Quem cuida das cuidadoras: trabalho doméstico remunerado em tempos de coronavírus

Imagem: Unsplash

Por DIEESE | Série Estudos & Pesquisas

“A pandemia causada pelo coronavírus chegou ao Brasil em meio a um processo de recessão econômica e crise política, agravando ainda mais a situação do país. Enquanto o Produto Interno Bruto (PIB) vinha em trajetória de crescimento muito lento, as taxas de desemprego mantinham-se altas e, concomitantemente, aumentava o emprego informal e a contratação por meio das novas modalidades de trabalho introduzidas pela reforma trabalhista, como as jornadas de meio turno e intermitente.

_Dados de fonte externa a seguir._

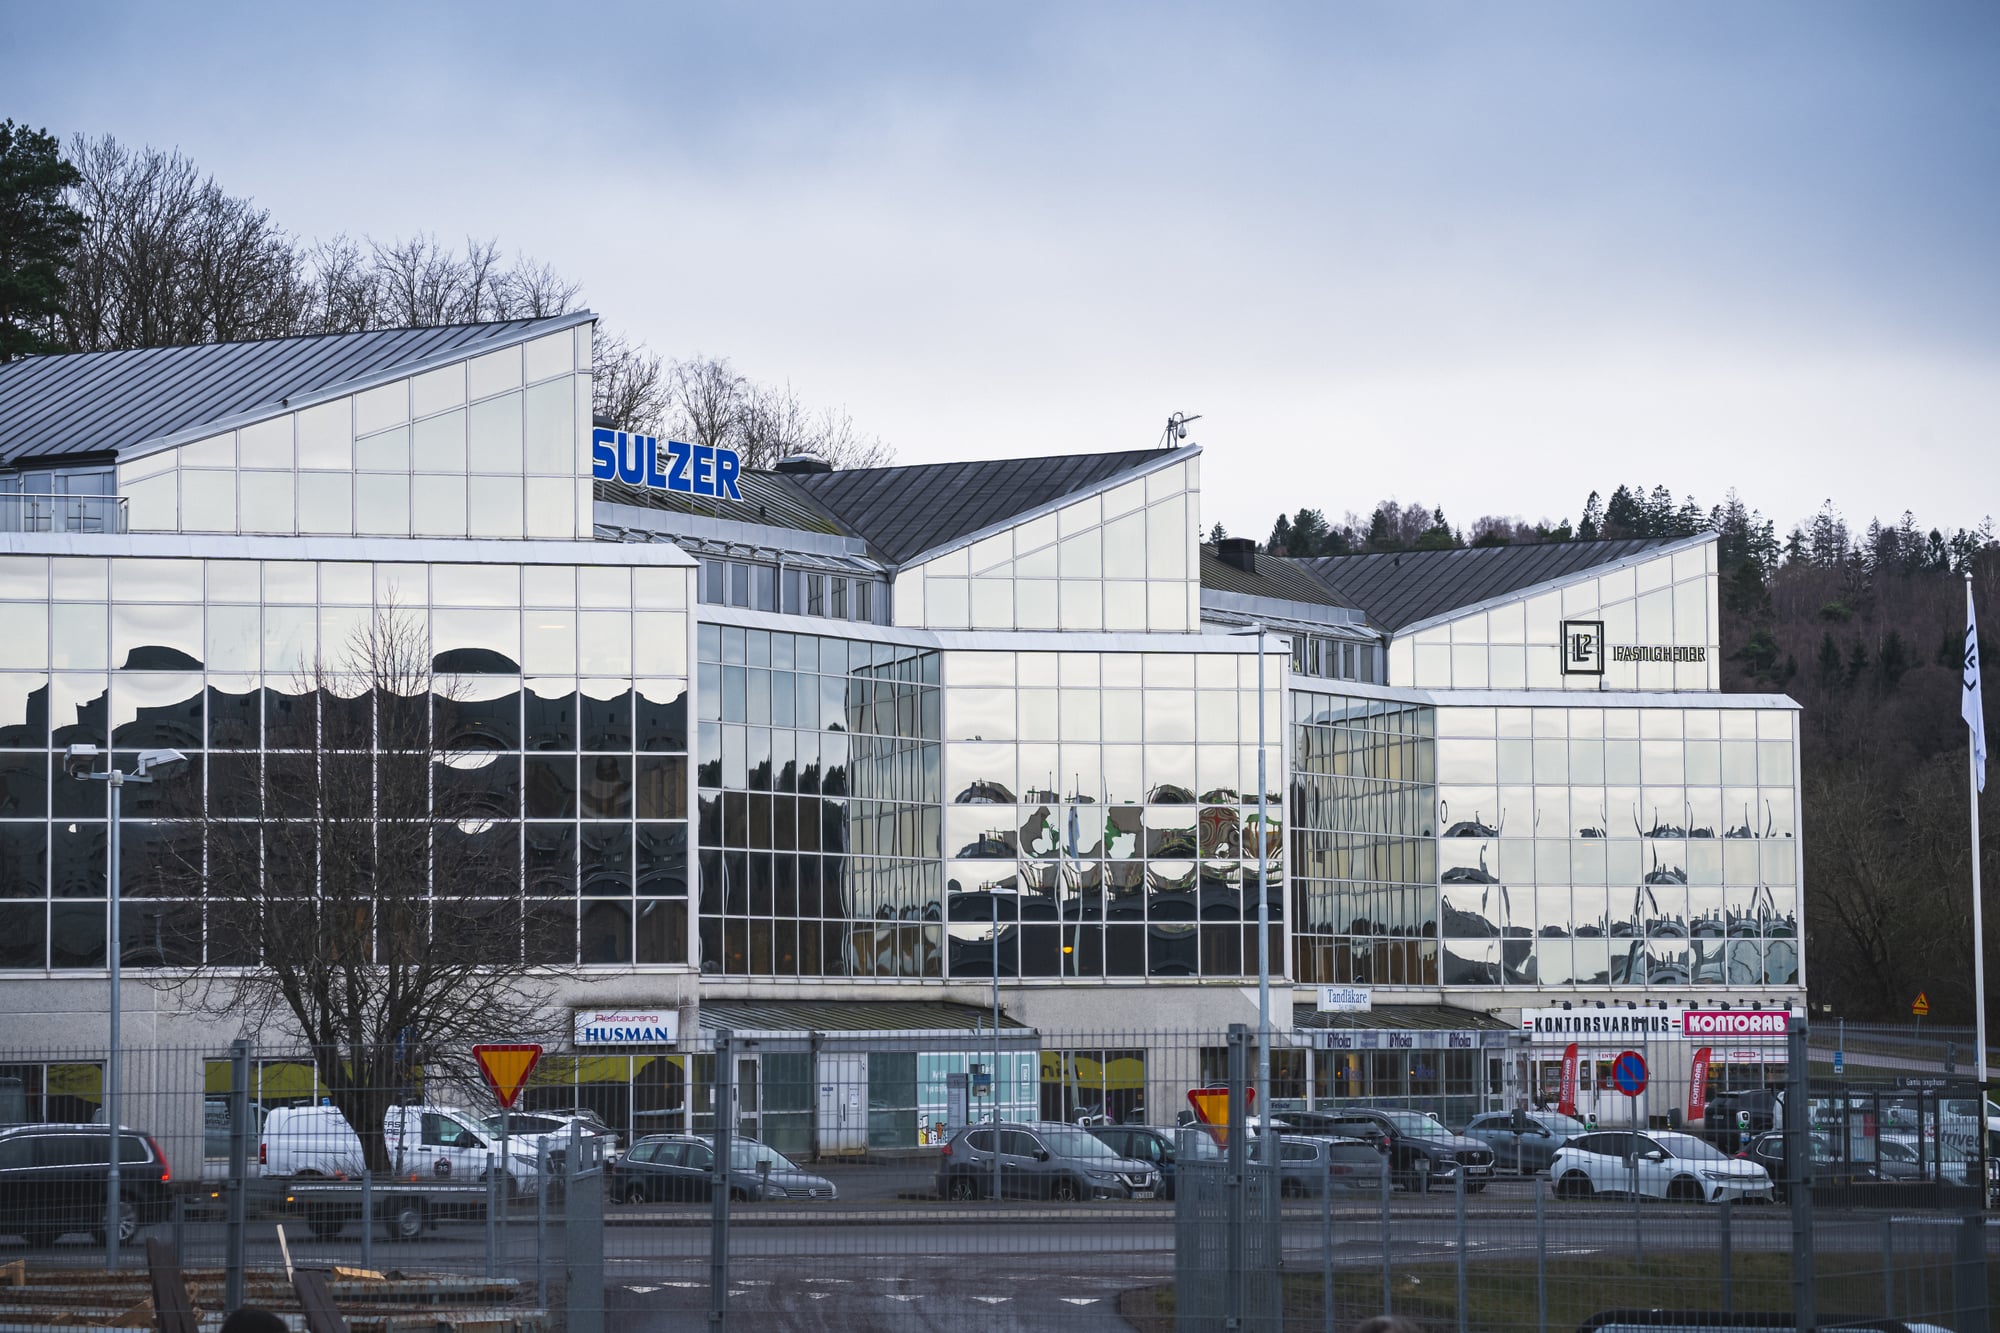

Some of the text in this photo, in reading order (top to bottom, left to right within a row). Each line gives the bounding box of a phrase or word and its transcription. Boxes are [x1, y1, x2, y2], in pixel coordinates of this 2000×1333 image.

[593, 427, 743, 501] SULZER
[1613, 646, 1706, 662] FASTIGHETER
[1327, 989, 1367, 1003] Tandläkare
[595, 1015, 658, 1023] Restaurang
[1535, 1017, 1669, 1032] KONTORSVARUHUS
[1689, 1015, 1785, 1032] KONTORAB
[585, 1027, 667, 1041] HUSMAN
[1692, 1063, 1702, 1105] KONTORAB

As crises econômicas que repercutem sobre o mercado de trabalho impactam as diferentes classes sociais, gêneros, raças e grupos ocupacionais de maneira distinta. Isso ocorre porque a sociedade brasileira é estruturada a partir de desigualdades presentes nessas dimensões. Nesse sentido, mulheres que têm origem em segmentos sociais vulneráveis, pertencentes a grupos raciais marginalizados e precariamente ocupadas sofrem as consequências da crise de forma mais acentuada.

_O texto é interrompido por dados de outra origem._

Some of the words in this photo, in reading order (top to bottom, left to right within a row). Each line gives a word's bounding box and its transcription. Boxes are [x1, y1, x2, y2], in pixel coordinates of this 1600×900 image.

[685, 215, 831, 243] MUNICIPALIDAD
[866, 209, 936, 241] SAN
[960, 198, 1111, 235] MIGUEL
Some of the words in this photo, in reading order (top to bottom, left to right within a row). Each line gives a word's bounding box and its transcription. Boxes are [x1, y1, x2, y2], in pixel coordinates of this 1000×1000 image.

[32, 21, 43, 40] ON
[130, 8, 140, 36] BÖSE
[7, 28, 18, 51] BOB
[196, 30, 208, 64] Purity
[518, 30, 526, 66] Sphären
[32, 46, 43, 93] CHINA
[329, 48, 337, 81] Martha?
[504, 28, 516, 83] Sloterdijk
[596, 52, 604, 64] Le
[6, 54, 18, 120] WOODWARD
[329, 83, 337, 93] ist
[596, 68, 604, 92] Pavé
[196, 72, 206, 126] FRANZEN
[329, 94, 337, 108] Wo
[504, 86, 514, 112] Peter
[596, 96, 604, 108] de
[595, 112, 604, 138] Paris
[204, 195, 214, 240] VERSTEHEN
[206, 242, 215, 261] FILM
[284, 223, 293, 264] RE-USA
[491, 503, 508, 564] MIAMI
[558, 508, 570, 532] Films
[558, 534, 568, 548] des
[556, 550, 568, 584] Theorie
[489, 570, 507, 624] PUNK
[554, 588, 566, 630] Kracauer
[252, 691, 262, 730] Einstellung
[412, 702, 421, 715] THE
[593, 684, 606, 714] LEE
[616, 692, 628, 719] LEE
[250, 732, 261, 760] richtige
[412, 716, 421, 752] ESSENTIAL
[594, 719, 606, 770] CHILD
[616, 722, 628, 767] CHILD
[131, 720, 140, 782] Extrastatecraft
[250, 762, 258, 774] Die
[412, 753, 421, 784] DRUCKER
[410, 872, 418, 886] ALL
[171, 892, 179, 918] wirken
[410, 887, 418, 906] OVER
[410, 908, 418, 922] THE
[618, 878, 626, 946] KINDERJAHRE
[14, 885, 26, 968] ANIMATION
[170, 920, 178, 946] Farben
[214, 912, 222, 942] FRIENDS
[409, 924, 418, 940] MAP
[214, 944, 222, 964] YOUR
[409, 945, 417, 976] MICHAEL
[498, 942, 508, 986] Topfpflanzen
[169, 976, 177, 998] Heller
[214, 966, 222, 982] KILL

Entre as ocupações mais atingidas pelos efeitos da covid-19 – e tipicamente feminina – está o emprego doméstico, que se caracteriza por altos níveis de informalidade, baixos salários e desproteção social e sindical, dada a circunscrição da relação de trabalho aos domicílios dos empregadores. Além dessas particularidades da ocupação, a pandemia implicou mudanças na forma como as pessoas realizam as atividades voltadas aos trabalhos reprodutivos. O coronavírus, por ser altamente contagioso, exigiu o isolamento das famílias nos domicílios e provocou a suspensão das aulas e de serviços ligados aos cuidados de pessoas.

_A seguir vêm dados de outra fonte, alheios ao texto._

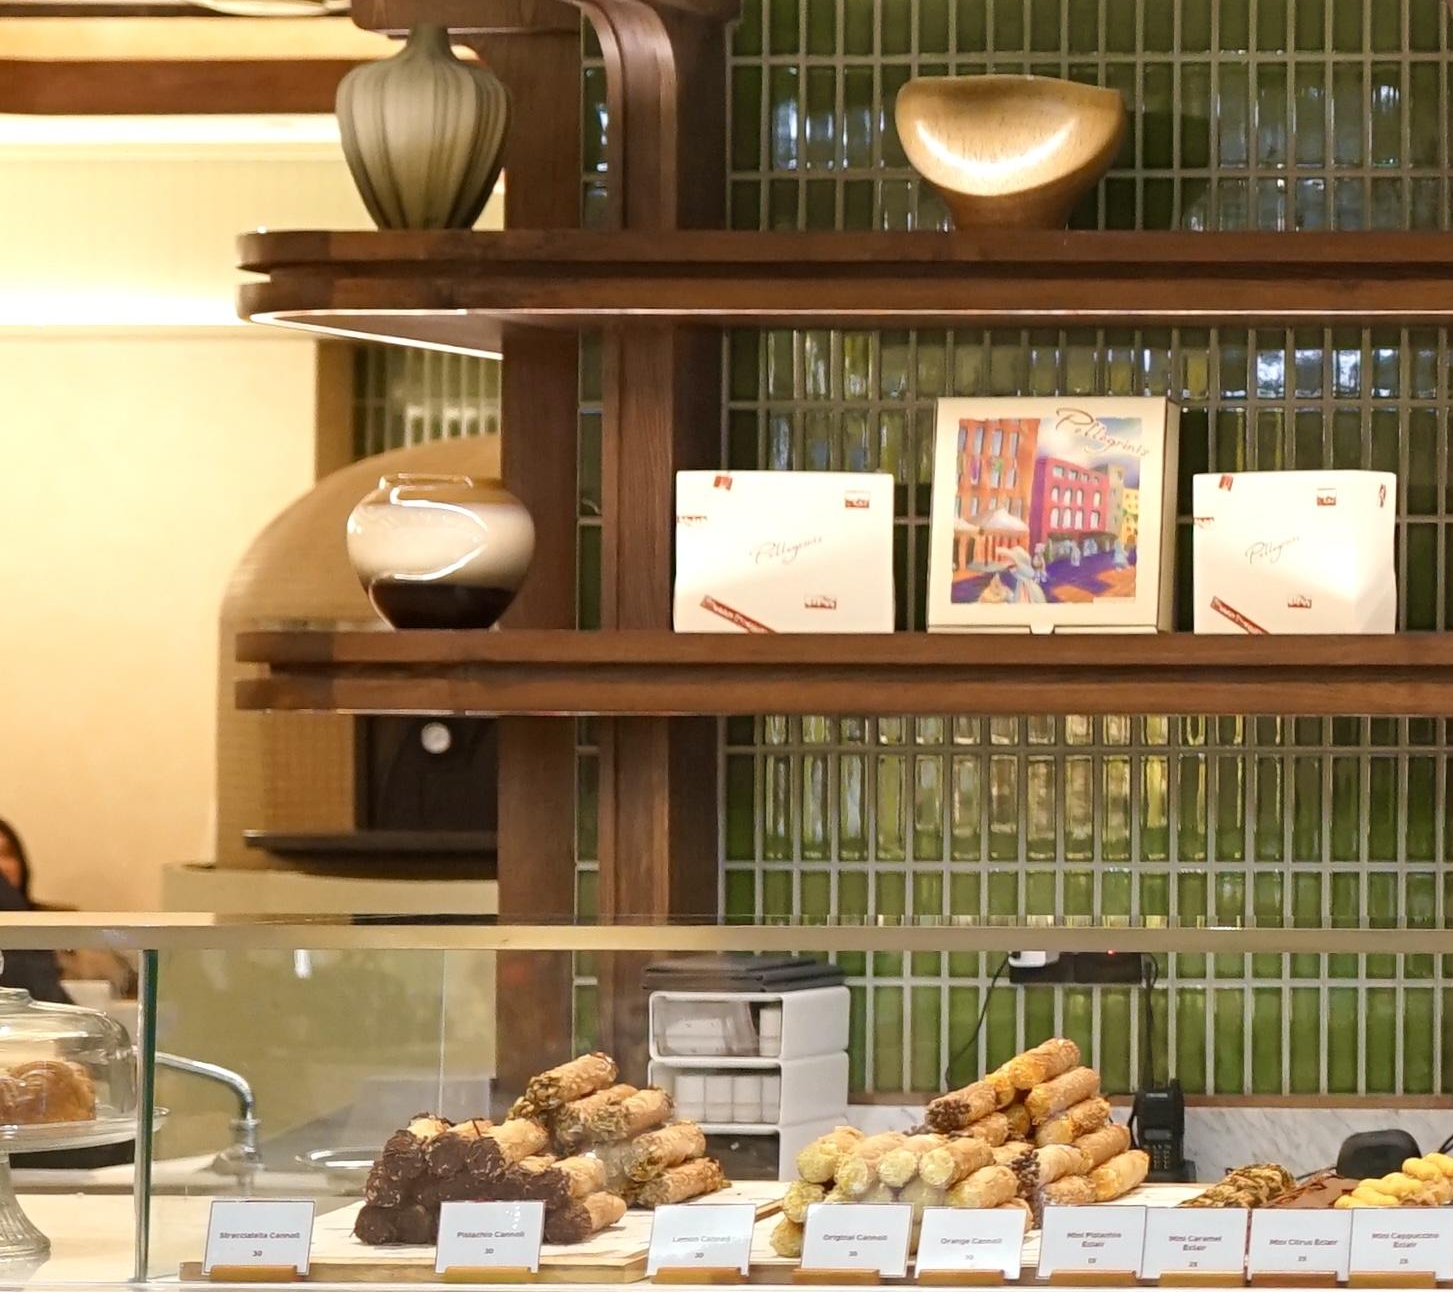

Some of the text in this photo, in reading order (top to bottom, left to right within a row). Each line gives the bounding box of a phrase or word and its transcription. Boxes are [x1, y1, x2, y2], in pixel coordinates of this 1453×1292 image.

[269, 1231, 301, 1239] Cannoli
[822, 1234, 855, 1242] Original
[940, 1237, 971, 1246] Orange

Essa nova situação levou à intensificação dos afazeres domésticos, aumentando a sobrecarga de tarefas para boa parte das mulheres que trabalham como empregadas nos lares. Para outras, a conjuntura trouxe o desemprego, em função da crise econômica que se instalou e obrigou muitas famílias que as contratavam a demiti-las, para reduzir despesas. Também foi motivo de dispensa de trabalhadoras domésticas o temor de que pudessem ser agentes de propagação da doença.

Mas as trabalhadoras que não foram dispensadas também correm risco de se contaminar, já que, em geral, se deslocam de transporte público para o trabalho e exercem atividades que requerem contato próximo com pessoas, como cuidados com crianças e idosos, além da realização de compras em estabelecimentos comerciais. Também a exposição excessiva a produtos de limpeza pode afetar as vias respiratórias dessas profissionais e torná-las mais suscetíveis a contrair a doença. Ainda há relatos de algumas trabalhadoras domésticas de que foram obrigadas a permanecer nos domicílios em que trabalham para poupar os patrões do risco de contaminação (ONU MULHERES, OIT, CEPAL, 2020).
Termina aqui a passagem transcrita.